“Mhmm.” She pats the spot next to her. “Come join me.”
“What are yo—”
“Come on, just do it.” She raises her hand up, but I don’t take it. Smiling at her goofy, spontaneous antics, I lower myself to the ground next to her, our shoulders almost touching.
My hand brushes up against hers as I lay next to her. “Now what?”
“Now we close our eyes and take a deep breath and just, I don’t know, feel.”
I turn my head in time to see her close her eyes beside me. She inhales and exhales deeply through her nose and then opens her eyes again to look up at the night sky.

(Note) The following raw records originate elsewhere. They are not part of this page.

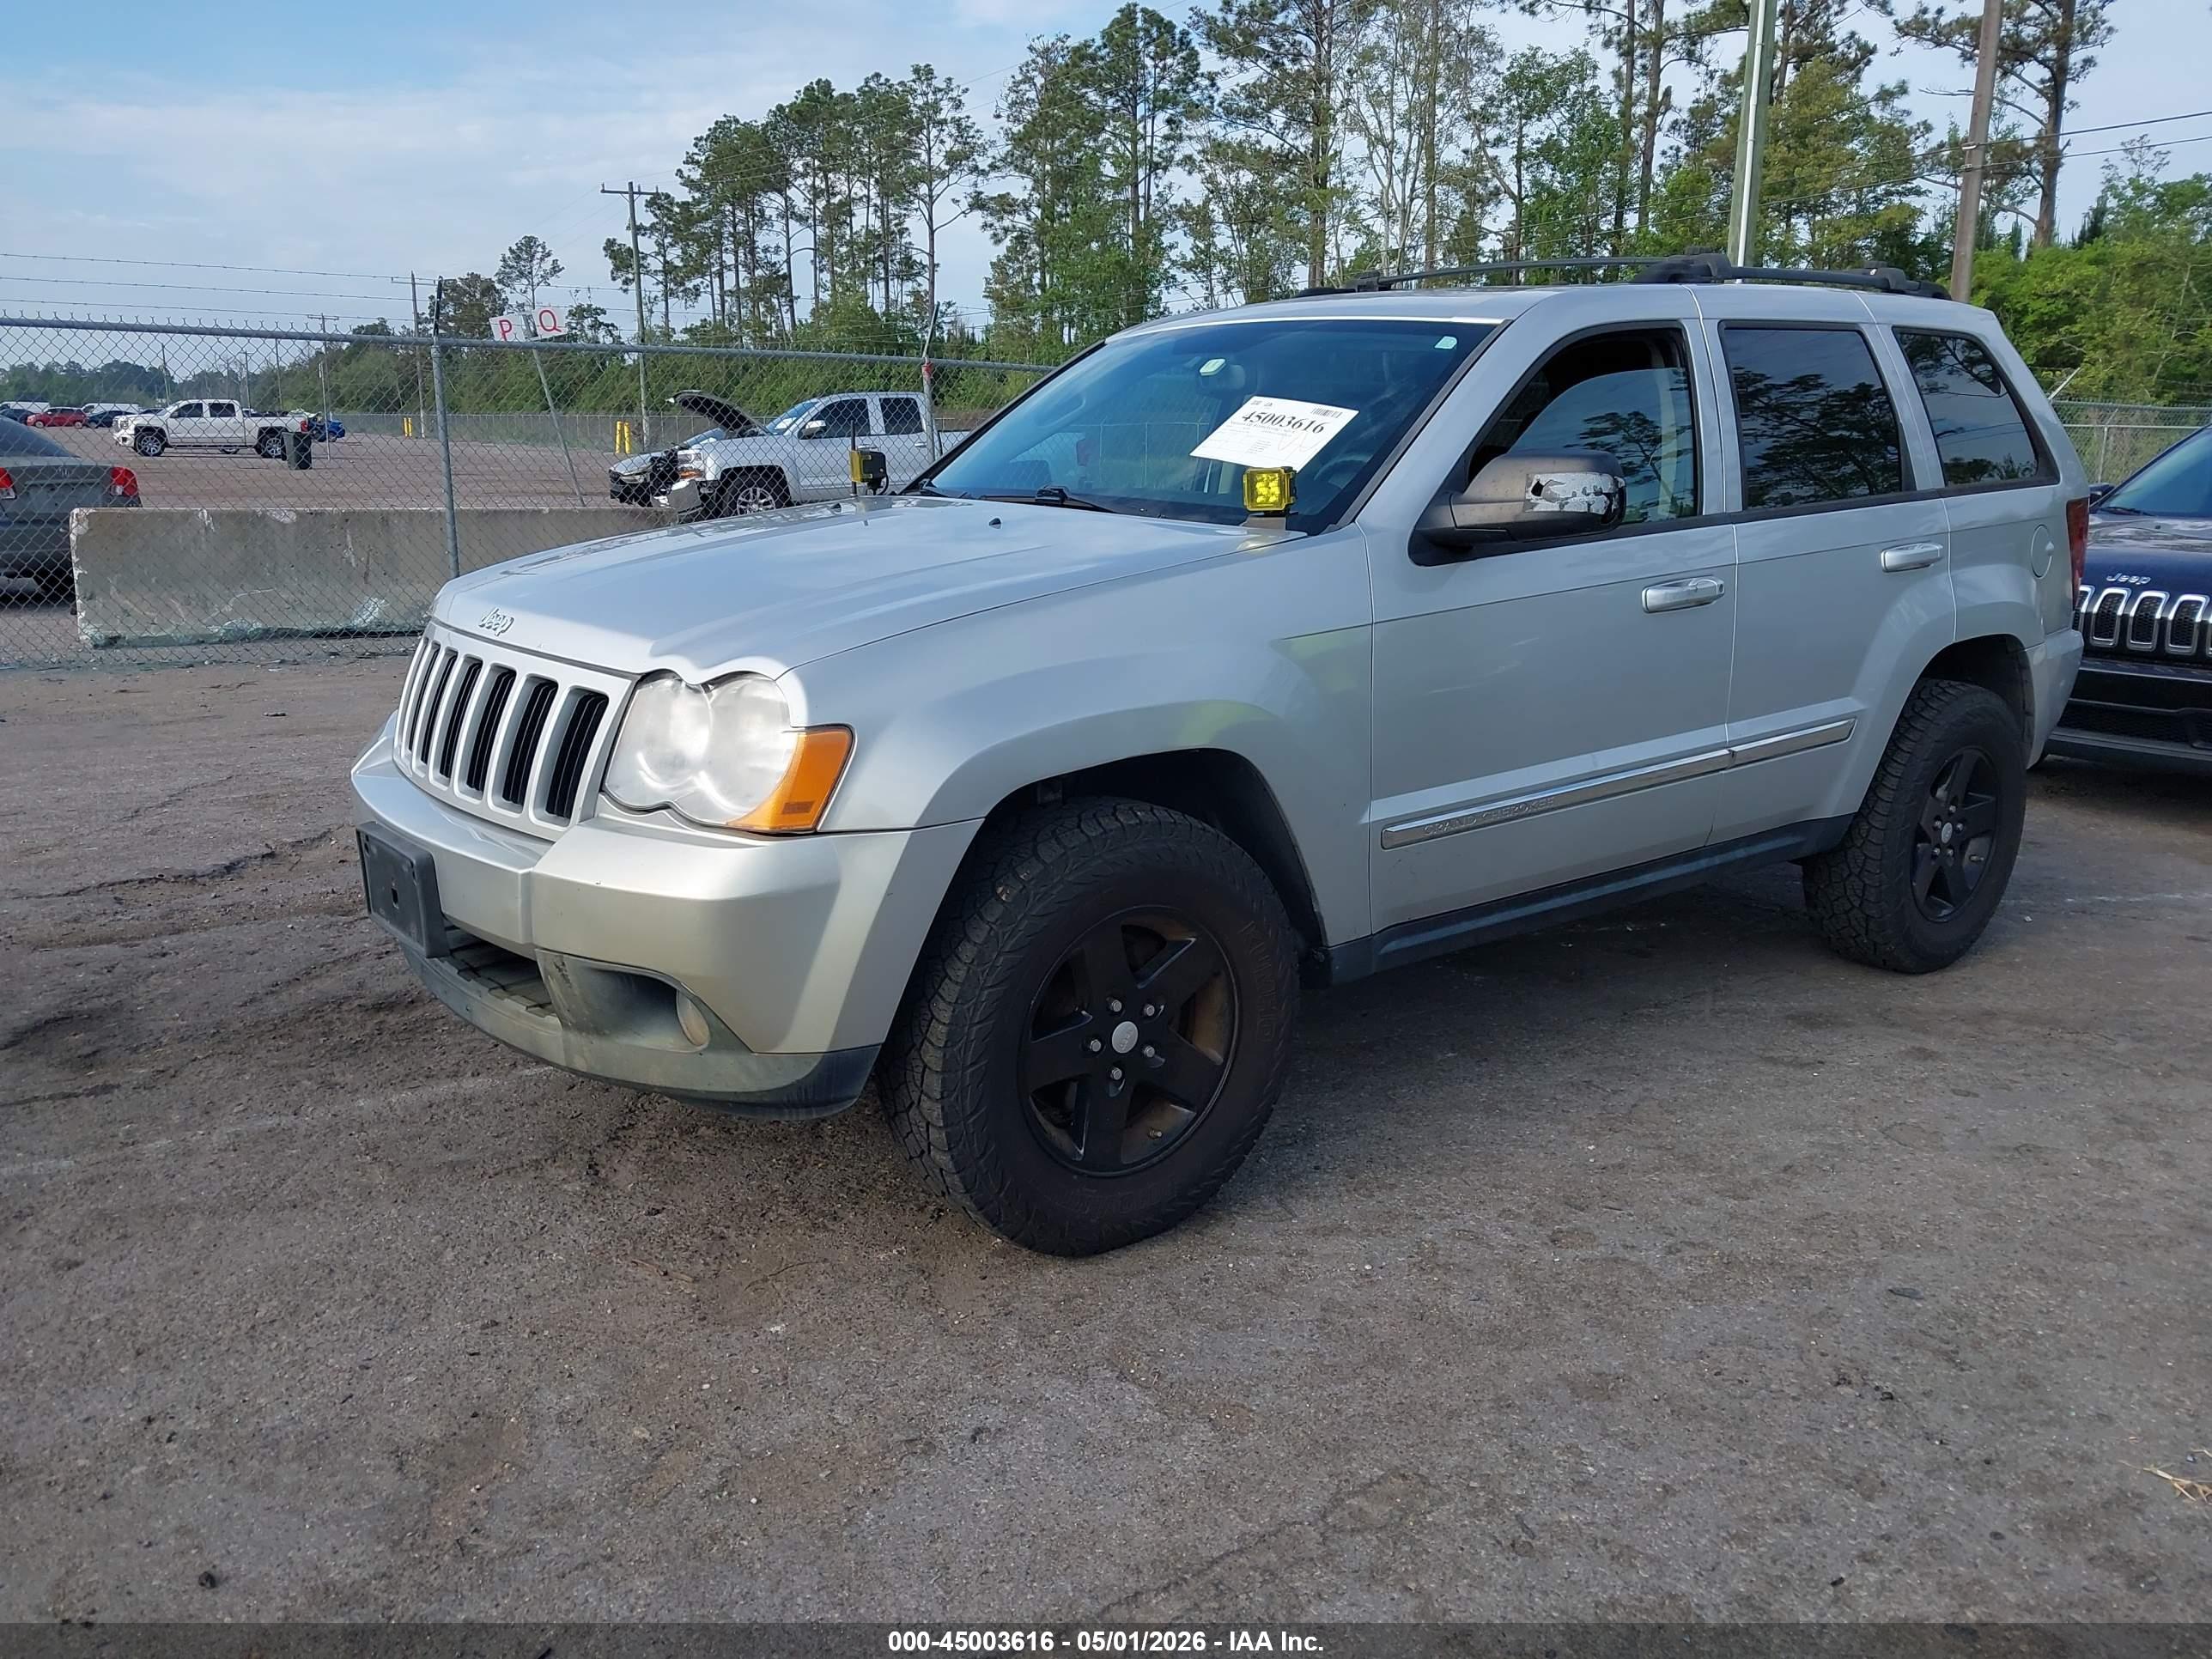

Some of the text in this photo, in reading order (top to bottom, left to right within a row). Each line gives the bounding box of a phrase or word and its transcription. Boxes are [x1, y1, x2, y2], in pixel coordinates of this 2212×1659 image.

[499, 319, 513, 341] P
[538, 309, 562, 333] Q
[1242, 410, 1331, 434] 45003616
[2106, 572, 2152, 586] Jeep
[478, 608, 514, 637] Jeep
[1422, 797, 1555, 836] GRAND CHEROKEE

“It’s beautiful out here.”
“It is,” I confirm, though I’m not looking at the sky.
Because I can’t stop looking at her.
“Do you ever just take a moment to drown out the world and everything around you and just marvel at the parts of our world that seem so…peaceful?”
“Like the ocean in the evening? Or first thing in the morning?”
“Yeah. Or the quietness of the mountains?”
“Sometimes I like to sit in the arena after practice once everyone has gone home. A huge vast room, and I’m the only person in it. It’s a wonderful place to sit and think. A place where I feel comfortable and safe, where nobody can bother me because they don’t know I’m there.”
“Yeah,” she whispers.
We lie in complete silence for a few minutes and then I hear the lightest sniffle. I turn my head just in time to see a tear slide down Scarlett’s cheek.
Shit.
This is all hitting her.
Because as peaceful as silence can be, it can also open doors to all our demons.
Poetic, I know, as we’re lying in a cemetery.
I could ask her if she’s okay, but she’s not talking, which tells me she doesn’t want to talk about it. So, I do the only thing I can think of to let her know I’m here and she’s not alone.
I shift my hand over a few inches until I find hers and entwine our fingers. She squeezes my hand like it’s her lifeline and for the next five minutes I don’t say a word while she cries in the quiet shadows in the city of the dead.
“Thank you, Oliver,” she finally says softly, wiping her eyes and sitting up. “I’m so sorry.”
“Hey.” I slip a finger under her chin and turn her to face me. Her beautiful moss-colored eyes glistening under the light of the moon. “You don’t need to be sorry for anything. He’s an asshole for walking away from you, Scarlett. And he has no idea what he’s lost.”
Her weakened smile tugs at my heart. “Did Ledger pay you to say nice things to me, or are you actually this perfect guy who just happens to be his friend?”
I huff a quiet laugh. “I’m not perfect. Nobody is. We all have skeletons that bother us. But you’re not alone. You’re never alone.”
“How is it that millions of people follow my life and pay attention to the things I’m passionate about, but just one man out of those millions can make me feel more alone than I’ve ever been?”
“Because he clearly never saw you the way I’ve seen you in just a few short hours.”
“Yeah. You’re right.” She bows her head. “He never saw me. He never cared. And I knew it. I felt it back on day one when he had no interest in talking about my passions, but I ignored it. Denied my own feelings of inadequacy.” Her shoulders fall. “Why the hell did I do that to myself? I knew he didn’t love me for me. I knew it the whole goddamn time.”
I inhale a big breath and release it silently. “You knew marrying the guy would make you comfortable,” I answer her not knowing one thing about her fiancé other than the fact he is a douche who has a well-paying job. Her head lifts confirming my answer. “Stability and comfort aren’t the worst reasons for marrying someone.”
“But they’re not the best by any means. I want to marry a man who loves me for who I am. Someone who listens to my pipe dreams and then encourages me to run after them. Someone who doesn’t want me just for sex but for…love. But I don’t want a husband who just loves me. I want my husband to bein lovewith me. Is that too much to ask?”